J'abandonnai cette lutte. Mes mains se posèrent sur mes yeux instinctivement, mon corps frissonna et commença à trembler. J'étais à terre, au sens propre comme au figuré. J'éclatai finalement en sanglots. C'était la première fois qu'une personne, ou peut-être deux, me voyaient me vider de ma haine et de ma tristesse. Cela en fut encore plus détestable. J'avais tué Aeden la dure à cuire en m'exposant en pleurs devant une enfant que je ne connaissais pas. Un meurtre qui me laisse encore un gout amer aujourd'hui. Aeden devait être tout sauf un être sensible.
 

Adéna ne fit aucun mouvement durant la demi-heure que je passai à m'exténuer et évacuer toutes ces perles salées. Elle laissait ce flot se déverser sans s'agiter. Je ne sais pas si elle avait assimilé la rareté de ce qu'elle voyait, je ne sais pas si son monde s'était brisé à l'instant où elle avait appris que nous étions liées. S'en était-elle réellement rendu compte? Il est incontestable qu'elle n'avait sûrement jamais ressenti ce besoin d'être contre un autre être humain. Cette sensation étrange d'avoir envie de sentir d'autres battements que ceux de votre coeur contre votre poitrine. D'avoir juste ce désir d'ouvrir l'accès au bonheur. Alors qu'étais-je devenue pour Adéna? Vivait-elle ce lien, ou ne faisait-elle que l'entendre sans éprouver la moindre accélération cardiaque?

 

Mes larmes s'atténuèrent. Ma respiration retrouva son rythme habituel. Je constatai avec stupéfaction que me découvrir une alliée, me rendre compte qu'elle était désormais présente dans ma vie m'apaisait considérablement. Sa sérénité en cet instant ou mon corps était devenu un brasier m'avait littéralement abasourdie. Elle qui, quelque temps plus tôt, m'avait révélé son côté un peu aliéné et dévastateur. Elle attendait, impassiblement, que ma frénésie s'éteigne.
 

Je relevai mon visage souillé de larmes, la regardant tout en me sentant me vivifier. Ma petite Adéna était devenue la plus ravissante des enfants. Tout était terminé en moi, Aeden s'était emparé de mon corps à nouveau. Adéna me sourit légèrement.


 

-  Moi aussi je pleure

-   Je sais… Lui répondis-je avec gène.   

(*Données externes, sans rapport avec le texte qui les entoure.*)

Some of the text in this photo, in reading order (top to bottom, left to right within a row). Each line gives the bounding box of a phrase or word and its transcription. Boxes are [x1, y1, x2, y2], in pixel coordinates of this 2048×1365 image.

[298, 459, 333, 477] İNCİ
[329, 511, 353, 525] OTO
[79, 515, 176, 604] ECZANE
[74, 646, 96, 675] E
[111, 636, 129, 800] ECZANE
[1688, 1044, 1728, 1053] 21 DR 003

Elle sourit à nouveau, elle aussi un peu embarrassée.

 

- Nous ne sommes pas liées pour rien. Lui affirmais-je simplement, tout en me levant. Elle suivit mon geste, se dressant sur ses courtes jambes.

 

- Quelqu’un t’a mise ici?

- Je ne me souviens pas, mais il m'a dit que oui.    
-IL? criais-je avec une fausse consternation.

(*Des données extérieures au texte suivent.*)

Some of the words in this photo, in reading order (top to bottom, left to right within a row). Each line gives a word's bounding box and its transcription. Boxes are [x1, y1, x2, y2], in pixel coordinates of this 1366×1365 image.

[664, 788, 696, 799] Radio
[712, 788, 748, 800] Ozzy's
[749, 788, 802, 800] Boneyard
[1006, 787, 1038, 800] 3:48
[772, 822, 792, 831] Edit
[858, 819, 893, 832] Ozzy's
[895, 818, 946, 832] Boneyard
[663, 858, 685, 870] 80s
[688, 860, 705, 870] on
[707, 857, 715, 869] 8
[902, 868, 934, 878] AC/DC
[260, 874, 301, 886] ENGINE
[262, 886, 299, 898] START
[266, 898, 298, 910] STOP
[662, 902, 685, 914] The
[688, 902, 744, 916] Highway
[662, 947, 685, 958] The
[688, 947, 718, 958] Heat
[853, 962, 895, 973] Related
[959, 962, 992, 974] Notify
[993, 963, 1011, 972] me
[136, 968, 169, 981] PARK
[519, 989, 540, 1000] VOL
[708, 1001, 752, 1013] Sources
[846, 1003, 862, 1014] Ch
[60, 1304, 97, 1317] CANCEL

- Oui, ton marionnettiste.

- mon?
- Marionnettiste.

 

Je fis semblant de comprendre ce qu'elle venait de me soutenir. Me vint alors une illumination. Adéna ayant été isolée durant cinq ans, s'était simplement fabriqué un compagnon imaginaire. Une personne qui l'avait fictivement soutenue, qui lui avait trompeusement donné des explications à sa solitude et à son arrivée ici.

 

J'eus ensuite une idée pour le moins étrange, mais sensée. J’étais certaine que son isolement l'insupportait, et je savais très bien qu'un deuxième utérus improvisé ne me disait plus grand-chose. Je décidai de partir de cette demeure où j'avais dû assimiler énormément d'horreur et de dégoût.

 

- Adéna? lui dis-je en la regardant pleine d'espoir et   d'impatience
- Oui?
- Viens, nous partons.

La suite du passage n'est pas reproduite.